Collection entries:
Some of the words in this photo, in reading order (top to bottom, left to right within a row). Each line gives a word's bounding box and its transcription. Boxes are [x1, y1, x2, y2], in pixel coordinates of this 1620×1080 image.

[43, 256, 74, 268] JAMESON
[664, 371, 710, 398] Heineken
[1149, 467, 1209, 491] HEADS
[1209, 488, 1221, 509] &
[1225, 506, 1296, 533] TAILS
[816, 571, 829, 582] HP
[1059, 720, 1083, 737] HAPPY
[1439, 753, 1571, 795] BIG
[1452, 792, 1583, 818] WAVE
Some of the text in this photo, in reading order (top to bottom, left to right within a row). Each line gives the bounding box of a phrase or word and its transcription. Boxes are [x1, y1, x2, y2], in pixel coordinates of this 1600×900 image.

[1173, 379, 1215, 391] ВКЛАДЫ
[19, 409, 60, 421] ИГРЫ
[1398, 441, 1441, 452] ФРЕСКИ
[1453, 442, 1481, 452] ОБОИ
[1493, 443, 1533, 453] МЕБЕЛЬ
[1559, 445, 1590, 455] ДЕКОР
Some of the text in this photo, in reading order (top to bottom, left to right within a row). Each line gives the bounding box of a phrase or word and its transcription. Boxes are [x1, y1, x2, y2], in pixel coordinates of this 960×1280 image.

● Exercise
Every record, from the first to the last, should be transcribed exactly.

● Reply
Some of the words in this photo, in reading order (top to bottom, left to right within a row). Each line gives a word's bounding box and its transcription. Boxes are [x1, y1, x2, y2], in pixel coordinates of this 1620×1080 image.

[43, 256, 74, 268] JAMESON
[664, 371, 710, 398] Heineken
[1149, 467, 1209, 491] HEADS
[1209, 488, 1221, 509] &
[1225, 506, 1296, 533] TAILS
[816, 571, 829, 582] HP
[1059, 720, 1083, 737] HAPPY
[1439, 753, 1571, 795] BIG
[1452, 792, 1583, 818] WAVE
Some of the text in this photo, in reading order (top to bottom, left to right within a row). Each line gives the bounding box of a phrase or word and its transcription. Boxes are [x1, y1, x2, y2], in pixel coordinates of this 1600×900 image.

[1173, 379, 1215, 391] ВКЛАДЫ
[19, 409, 60, 421] ИГРЫ
[1398, 441, 1441, 452] ФРЕСКИ
[1453, 442, 1481, 452] ОБОИ
[1493, 443, 1533, 453] МЕБЕЛЬ
[1559, 445, 1590, 455] ДЕКОР
Some of the text in this photo, in reading order (top to bottom, left to right within a row). Each line gives the bounding box of a phrase or word and its transcription. Boxes are [x1, y1, x2, y2], in pixel coordinates of this 960×1280 image.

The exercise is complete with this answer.